BagusNews.Co – Jelang Pemilihan Kepala Daerah (Pilkada) serentak 2024, Himpunan Mahasiswa Serang (Hamas) soroti banyak spanduk liar bertebaran di Kota Serang yang menyalahi Peraturan Daerah (Perda) Kota Serang Nomor 10 Tahun 2010 Tentang Ketertiban, Kebersihan dan Keindahan (K3).
Ketua PP Hamas Irham mengatakan, sosialisasi pengenalan bakal calon pada Pemilihan Kepala Daerah (Pilkada ) serentak 2024, seharusnya tidak boleh lagi dijadikan alasan untuk memasang Alat Peraga Kampanye (APK) di sembarang tempat.
Sebab, sudah ada aturan yang mengikat baik aturan KPU tentang kampanye, maupun Perda K3 yang berkaitan dengan lingkungan.
“Bisa kita liat sendiri tidak sedikit spanduk yang di paku di pohon dan dipasang di sembarang tempat yang membuat lingkungan menjadi kumuh dan tidak bernilai. Kemudian kalau kita pertanyakan mengapa aturan itu di buat tapi tidak dilaksanakan? Kan sama saja bohong,” katanya, Kamis, 27 Juni 2024.

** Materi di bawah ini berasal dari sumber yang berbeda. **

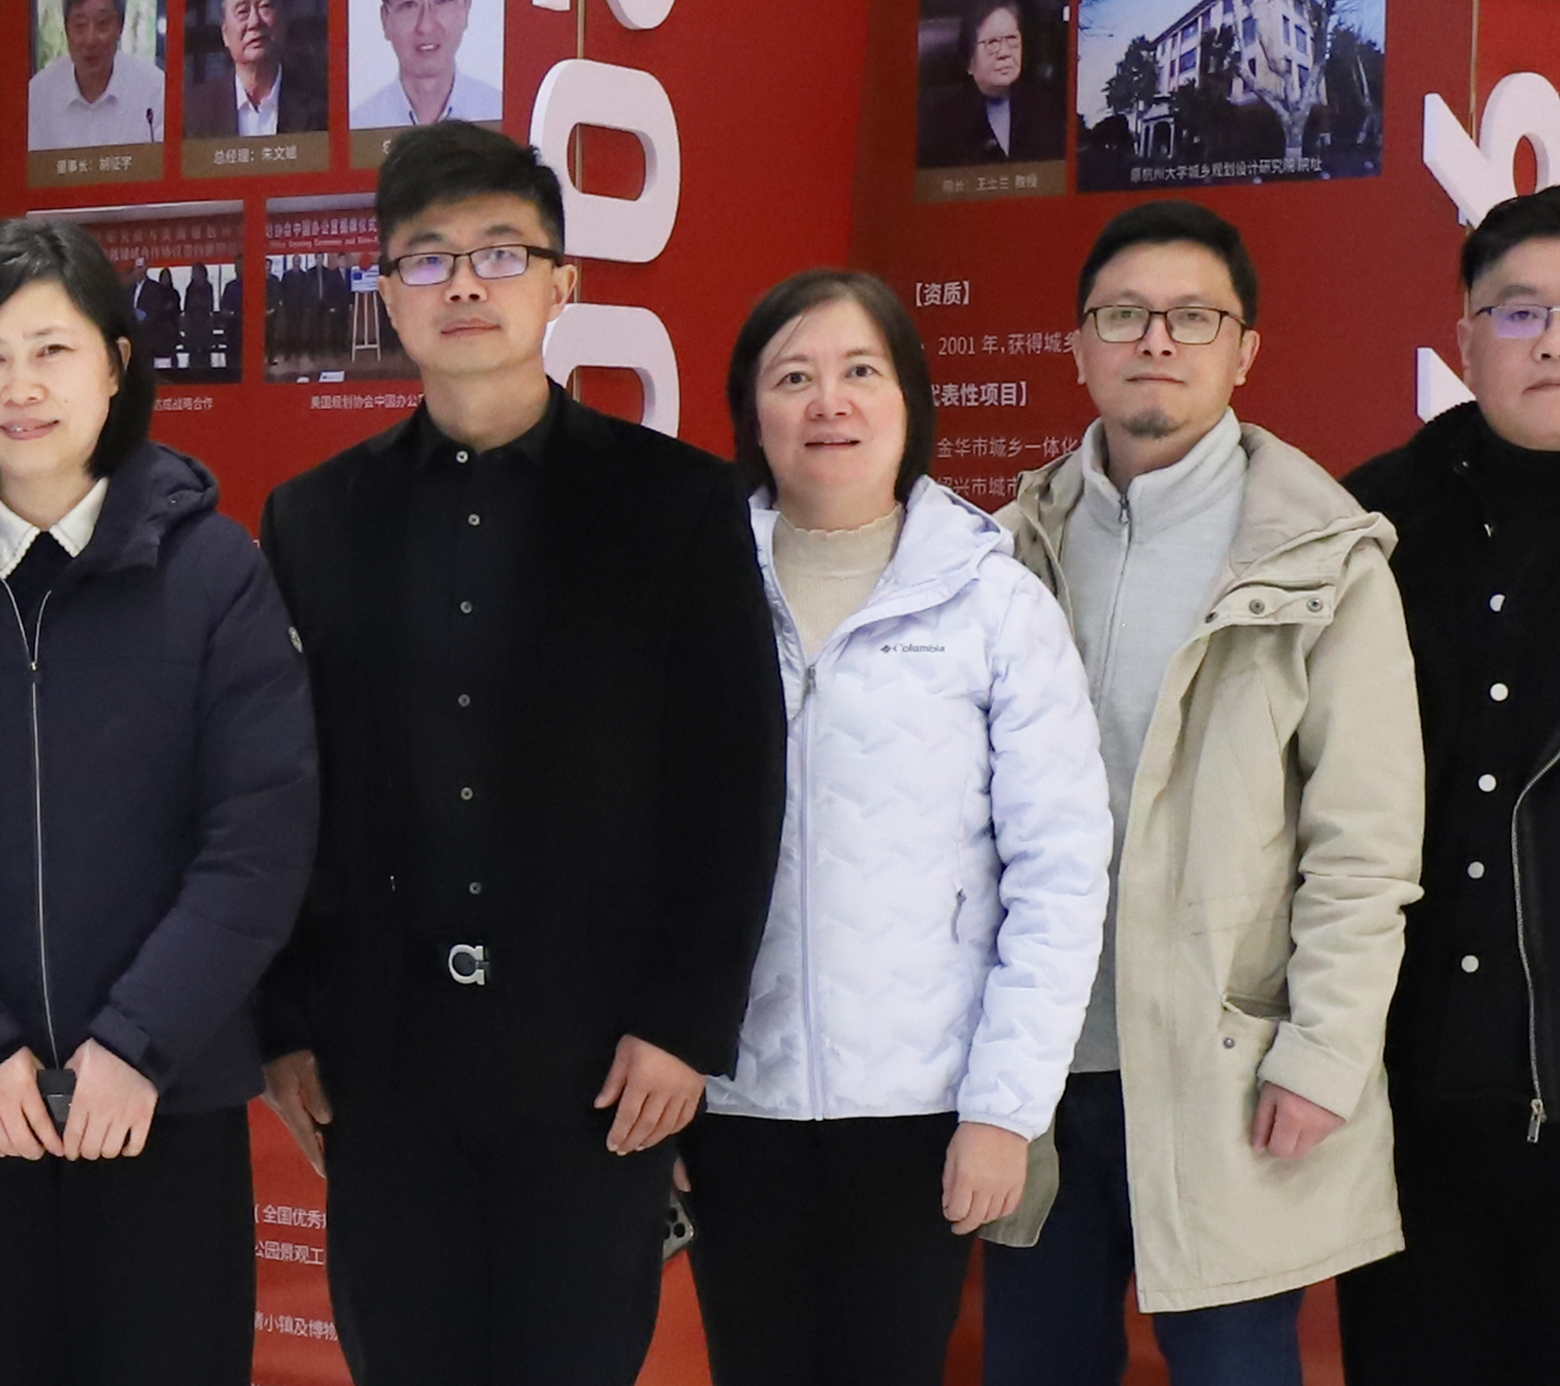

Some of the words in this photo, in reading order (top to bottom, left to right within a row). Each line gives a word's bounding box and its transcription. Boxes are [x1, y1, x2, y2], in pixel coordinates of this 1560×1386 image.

Menurut Irham, sebagai ibukota Provinsi Banten seharusnya Kota Serang menjadi Kota yang indah dan nyaman untuk di lihat. Tapi sebaliknya, Kota Serang hanya terlihat semeraut dan kumuh.
“Buat Perda itu kan gak mudah dan memakan waktu lama juga, tambah lagi anggaran yang digunakannya mungkin tidak sedikit, masa iya di buat tapi diabaikan. Harus konsisten dan di jaga estetika Kota nya,” ujarnya.
Ia juga menyayangkan, kepada para bakal calon Walikota dan Wakil Walikota Serang, Gubernur dan Wakil Gubernur Banten yang tidak memperhatikan estetika lingkungan di Kota Serang.
“Kita memang perlu apresiasi banyak calon artinya punya niat untuk membangun, tapi sangat disayangkan ketika kita melihat hal terkecil saja itu masih di kesampingkan mau gimana membangun,” ucapnya.
“Harus nya bakal calon kepala daerah memberikan contoh dan tauladan yang baik dan memperhatikan nilai lingkungan dan menjaga estetik Kota. Apa lagi Kota Serang sebagai ibukota Provinsi Banten harus dijaga estetik dan keindahan nya,” tambahnya.
Oleh kerena itu, dirinya meminta kepada pemerintah Kota Serang melalui Satpol-PP Kota Serang dan Dinas Lingkungan Hidup (DLH) Kota Serang untuk melakukan penertiban terhadap Alat Peraga Kampanye (APK) bakal calon yang di pasang di sembarang tempat secara profesional.
“Harus di tindak sesuai kewenangan, karena buat apa ada Perda K3 kalau secara fungsi nya tidak dijalankan. Dan kalau tidak di tindak, Pemkot Serang sudah menyalahi aturan dan tidak konsisten terhadap aturan,” tegasnya.(Red/Misbah)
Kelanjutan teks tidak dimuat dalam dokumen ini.